The biosimilar market is still immature. The return on investment is difficult to guarantee.

In 2009, the size of the world's biological products market exceeded US$125 billion, accounting for 17% of the total pharmaceutical and biopharmaceutical market. In the coming years, this proportion is expected to increase significantly. It is estimated that the top three products for global sales in 2014 will be biologics, and the three sales are expected to reach US$25.4 billion.

There are few listed products

In the next 10 years, the United States will have many blockbuster biopharmaceutical patents expired, such as Genentech and Roche's bevacizumab, Amgen's etanercept, and Eli Lilly's cetuximab. And Abbott’s adalimumab. Even with such potential, biosimilars achieved sales of only US$89 million in 2009, of which Novartis Group's Santoro’s recombinant human growth hormone Omnitrope accounted for 33% of them, which was in 2008. Sales from June to June 2009 doubled. Sandoz is the leader in the global biosimilar market and the only company with more than two approved biosimilar products. Teva and Hospira are also developing a large number of biosimilar products. It can be seen that the biosimilar market is not yet a mature market.

Europe is currently the world's largest biosimilar market. Since November 2005, a total of 13 biosimilars such as the recombinant human growth hormone Omnitrope, alfa ibustine and recombinant human granulocyte colony-stimulating factor have been approved in Europe. The review procedures for biosimilars have not yet been established. The drafting of relevant regulations is expected to be approved by the Obama administration. Santoz’s recombinant human growth hormone Omnitrope is the only biosimilar approved in the United States but its indications Restrictions; the Ministry of Health, Labor, and Welfare of Japan issued the final guidelines for biosimilars in March 2009. The first biosimilar approved in Japan is the recombinant human growth hormone Omnitrope; Australia is a biological product. Under the management of drugs, Omnitrope has been approved for listing in the country; Malaysia and South Korea in the Asia Pacific region issued guidelines in August 2008 and May 2009 respectively.
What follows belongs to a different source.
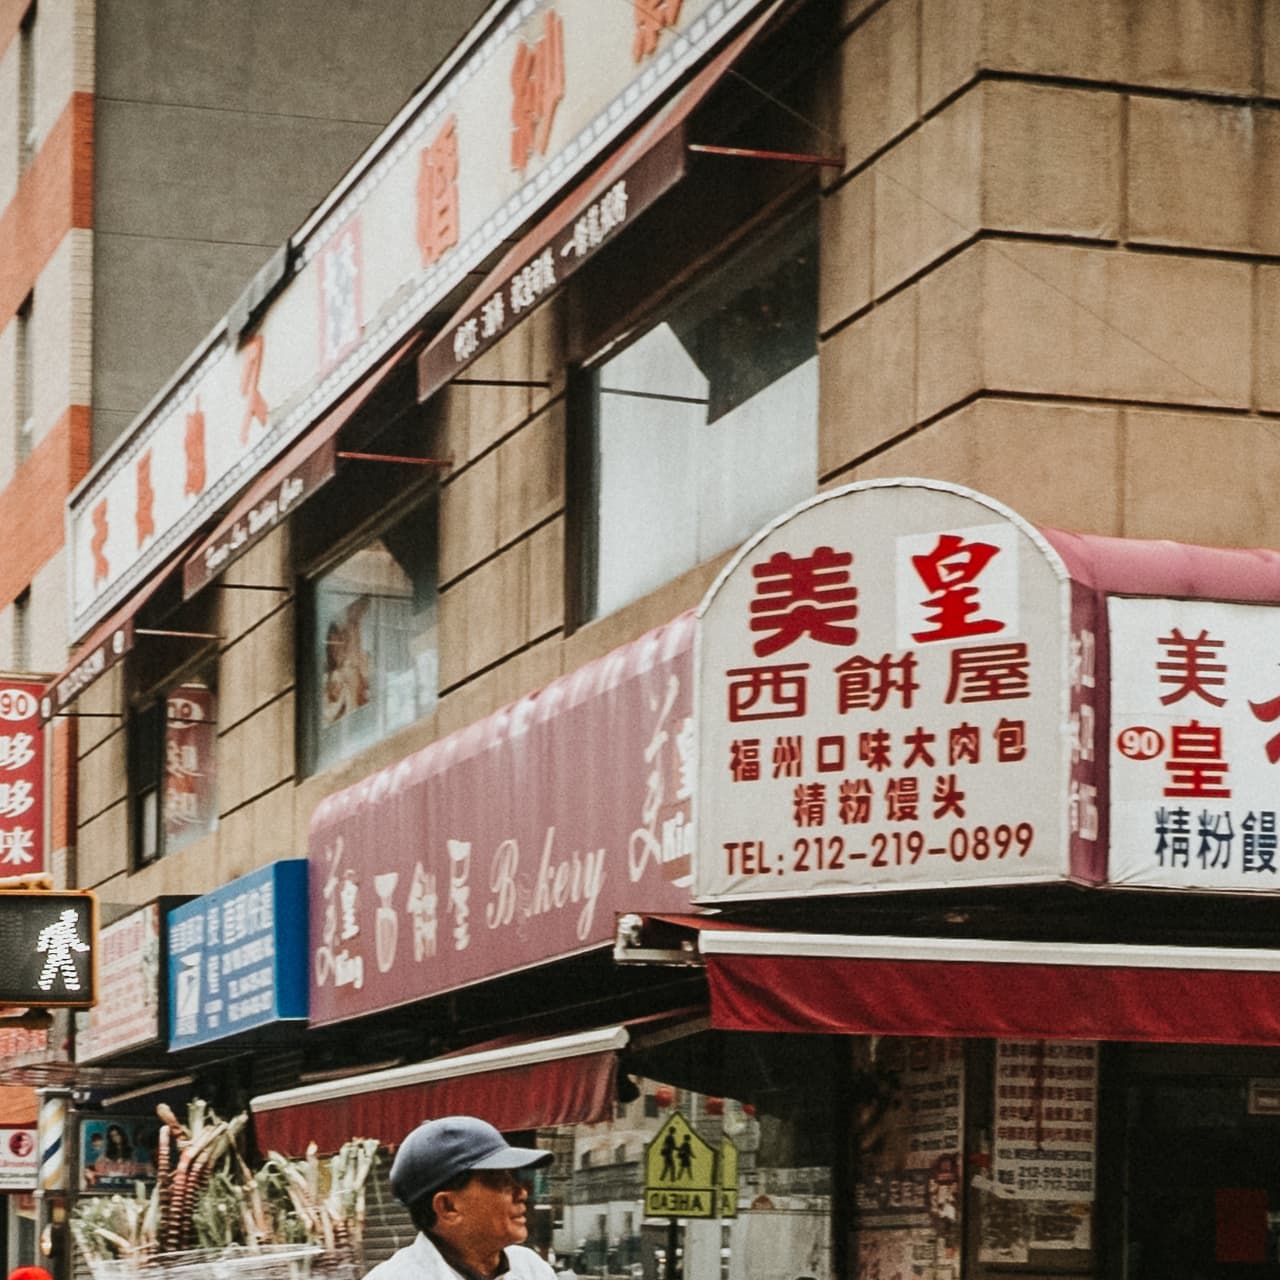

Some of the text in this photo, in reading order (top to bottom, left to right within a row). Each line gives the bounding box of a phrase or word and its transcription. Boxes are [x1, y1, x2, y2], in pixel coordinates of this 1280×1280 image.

As the only region in the world that implements a special biosimilar drug policy, Europe has very few listed products. Currently, due to differences in usage habits, medical systems such as drug reimbursement policies, doctors' influence, and product prices, the market penetration of biosimilar drugs in European countries varies greatly, among which Germany has the largest market share in the European market.

The legal provisions do not permit the substitution of biosimilar drugs for original research products. This is a special reason for restricting the market penetration of biosimilar drugs, which limits the use of biosimilar drugs to new patients and short-term indications. However, cost control using biosimilars is still significant. In markets where regulatory approaches have not yet been established (including the United States), the exclusivity of patents, the requirements of clinical trials, and the substitutability of products are the three decisive factors for the success of products in the market. From the current status of the biosimilar market, it can be predicted that in the next few years, there will be no more competitors in the biosimilar market than in the traditional chemical generic market.

The return on investment is difficult to guarantee

Global drug costs are rising, with biological products accounting for a large proportion. To control costs, the paying party must break through the barriers of biosimilars. At present, many listed biological products are facing patent expiration, which has led some generic companies to shift their future growth potential to biotechnology products. In addition, due to the decline in sales of blockbuster brand drugs, some R&D pharmaceutical companies, such as Merck, have also targeted biosimilars as an opportunity for future development. The sales of biosimilar drugs need to be clinically promoted, which is exactly what R&D pharmaceutical companies are good at.

Although many companies have begun technical cooperation and licensing trade in the field of biosimilars, only those companies with independent research and development capabilities can succeed. Due to the high cost of mergers and acquisitions in this area and the limited market penetration of biosimilars, it is difficult to ensure the return on investment in the short and medium term.

Due to the ambiguous classification of biosimilars, manufacturers’ direct sales to consumers, pricing policies for original research products, bidding and contract prices, and other factors have caused biosimilar sales to be difficult to predict. It is predicted that sales will be driven by 2008. The US$0.66 billion has risen to US$2.3 billion in 2015, and there are forecasts that its 2013 sales will exceed US$5.6 billion. Regardless of the forecast, the market potential of 50 billion U.S. dollars is existent, but whether the potential can be transformed into real market consumption also depends on the relevant laws and regulations, the substitution of products, and the original manufacturer's strategy.